TASK GOAL:
Line by line, copy the data below exactly.

Stored data entries:

--------

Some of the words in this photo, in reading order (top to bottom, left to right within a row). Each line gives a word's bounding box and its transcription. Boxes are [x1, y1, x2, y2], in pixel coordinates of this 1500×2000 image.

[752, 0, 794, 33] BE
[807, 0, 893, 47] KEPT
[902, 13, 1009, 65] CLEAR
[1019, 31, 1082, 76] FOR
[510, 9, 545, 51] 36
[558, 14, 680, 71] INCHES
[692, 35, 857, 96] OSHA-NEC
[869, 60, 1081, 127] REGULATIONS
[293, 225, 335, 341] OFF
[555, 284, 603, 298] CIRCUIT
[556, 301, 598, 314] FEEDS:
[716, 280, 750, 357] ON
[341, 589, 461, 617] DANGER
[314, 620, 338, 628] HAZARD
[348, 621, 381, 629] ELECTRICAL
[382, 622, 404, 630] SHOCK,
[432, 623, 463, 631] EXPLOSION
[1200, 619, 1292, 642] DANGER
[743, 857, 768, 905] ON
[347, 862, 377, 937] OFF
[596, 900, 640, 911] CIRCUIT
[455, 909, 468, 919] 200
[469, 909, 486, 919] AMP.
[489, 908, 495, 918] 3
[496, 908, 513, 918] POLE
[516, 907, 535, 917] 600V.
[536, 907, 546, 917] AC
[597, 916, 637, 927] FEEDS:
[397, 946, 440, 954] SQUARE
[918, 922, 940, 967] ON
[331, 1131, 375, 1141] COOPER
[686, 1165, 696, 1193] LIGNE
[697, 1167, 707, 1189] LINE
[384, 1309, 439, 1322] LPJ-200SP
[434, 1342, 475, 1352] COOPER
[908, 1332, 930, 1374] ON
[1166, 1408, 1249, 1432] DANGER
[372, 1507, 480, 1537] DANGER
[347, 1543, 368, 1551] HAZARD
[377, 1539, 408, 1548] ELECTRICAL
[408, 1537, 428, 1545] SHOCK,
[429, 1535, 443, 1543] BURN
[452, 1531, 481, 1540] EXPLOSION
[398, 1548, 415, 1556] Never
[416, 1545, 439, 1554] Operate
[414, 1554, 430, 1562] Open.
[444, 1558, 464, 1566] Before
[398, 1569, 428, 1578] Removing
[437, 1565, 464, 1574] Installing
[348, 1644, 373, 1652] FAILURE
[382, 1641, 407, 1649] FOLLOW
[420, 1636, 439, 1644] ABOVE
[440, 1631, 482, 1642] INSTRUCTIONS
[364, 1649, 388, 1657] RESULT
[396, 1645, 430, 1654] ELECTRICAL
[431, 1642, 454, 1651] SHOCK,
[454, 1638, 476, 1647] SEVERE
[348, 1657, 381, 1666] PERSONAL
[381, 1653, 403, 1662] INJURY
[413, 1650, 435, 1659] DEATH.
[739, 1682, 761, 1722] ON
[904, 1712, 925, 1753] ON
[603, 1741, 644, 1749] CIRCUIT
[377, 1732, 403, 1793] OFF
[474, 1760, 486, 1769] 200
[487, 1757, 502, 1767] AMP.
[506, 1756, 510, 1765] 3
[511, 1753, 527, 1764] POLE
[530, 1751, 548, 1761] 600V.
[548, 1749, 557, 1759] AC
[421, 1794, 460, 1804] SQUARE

--------

RESPONSE:
Some of the words in this photo, in reading order (top to bottom, left to right within a row). Each line gives a word's bounding box and its transcription. Boxes are [x1, y1, x2, y2], in pixel coordinates of this 1500×2000 image.

[752, 0, 794, 33] BE
[807, 0, 893, 47] KEPT
[902, 13, 1009, 65] CLEAR
[1019, 31, 1082, 76] FOR
[510, 9, 545, 51] 36
[558, 14, 680, 71] INCHES
[692, 35, 857, 96] OSHA-NEC
[869, 60, 1081, 127] REGULATIONS
[293, 225, 335, 341] OFF
[555, 284, 603, 298] CIRCUIT
[556, 301, 598, 314] FEEDS:
[716, 280, 750, 357] ON
[341, 589, 461, 617] DANGER
[314, 620, 338, 628] HAZARD
[348, 621, 381, 629] ELECTRICAL
[382, 622, 404, 630] SHOCK,
[432, 623, 463, 631] EXPLOSION
[1200, 619, 1292, 642] DANGER
[743, 857, 768, 905] ON
[347, 862, 377, 937] OFF
[596, 900, 640, 911] CIRCUIT
[455, 909, 468, 919] 200
[469, 909, 486, 919] AMP.
[489, 908, 495, 918] 3
[496, 908, 513, 918] POLE
[516, 907, 535, 917] 600V.
[536, 907, 546, 917] AC
[597, 916, 637, 927] FEEDS:
[397, 946, 440, 954] SQUARE
[918, 922, 940, 967] ON
[331, 1131, 375, 1141] COOPER
[686, 1165, 696, 1193] LIGNE
[697, 1167, 707, 1189] LINE
[384, 1309, 439, 1322] LPJ-200SP
[434, 1342, 475, 1352] COOPER
[908, 1332, 930, 1374] ON
[1166, 1408, 1249, 1432] DANGER
[372, 1507, 480, 1537] DANGER
[347, 1543, 368, 1551] HAZARD
[377, 1539, 408, 1548] ELECTRICAL
[408, 1537, 428, 1545] SHOCK,
[429, 1535, 443, 1543] BURN
[452, 1531, 481, 1540] EXPLOSION
[398, 1548, 415, 1556] Never
[416, 1545, 439, 1554] Operate
[414, 1554, 430, 1562] Open.
[444, 1558, 464, 1566] Before
[398, 1569, 428, 1578] Removing
[437, 1565, 464, 1574] Installing
[348, 1644, 373, 1652] FAILURE
[382, 1641, 407, 1649] FOLLOW
[420, 1636, 439, 1644] ABOVE
[440, 1631, 482, 1642] INSTRUCTIONS
[364, 1649, 388, 1657] RESULT
[396, 1645, 430, 1654] ELECTRICAL
[431, 1642, 454, 1651] SHOCK,
[454, 1638, 476, 1647] SEVERE
[348, 1657, 381, 1666] PERSONAL
[381, 1653, 403, 1662] INJURY
[413, 1650, 435, 1659] DEATH.
[739, 1682, 761, 1722] ON
[904, 1712, 925, 1753] ON
[603, 1741, 644, 1749] CIRCUIT
[377, 1732, 403, 1793] OFF
[474, 1760, 486, 1769] 200
[487, 1757, 502, 1767] AMP.
[506, 1756, 510, 1765] 3
[511, 1753, 527, 1764] POLE
[530, 1751, 548, 1761] 600V.
[548, 1749, 557, 1759] AC
[421, 1794, 460, 1804] SQUARE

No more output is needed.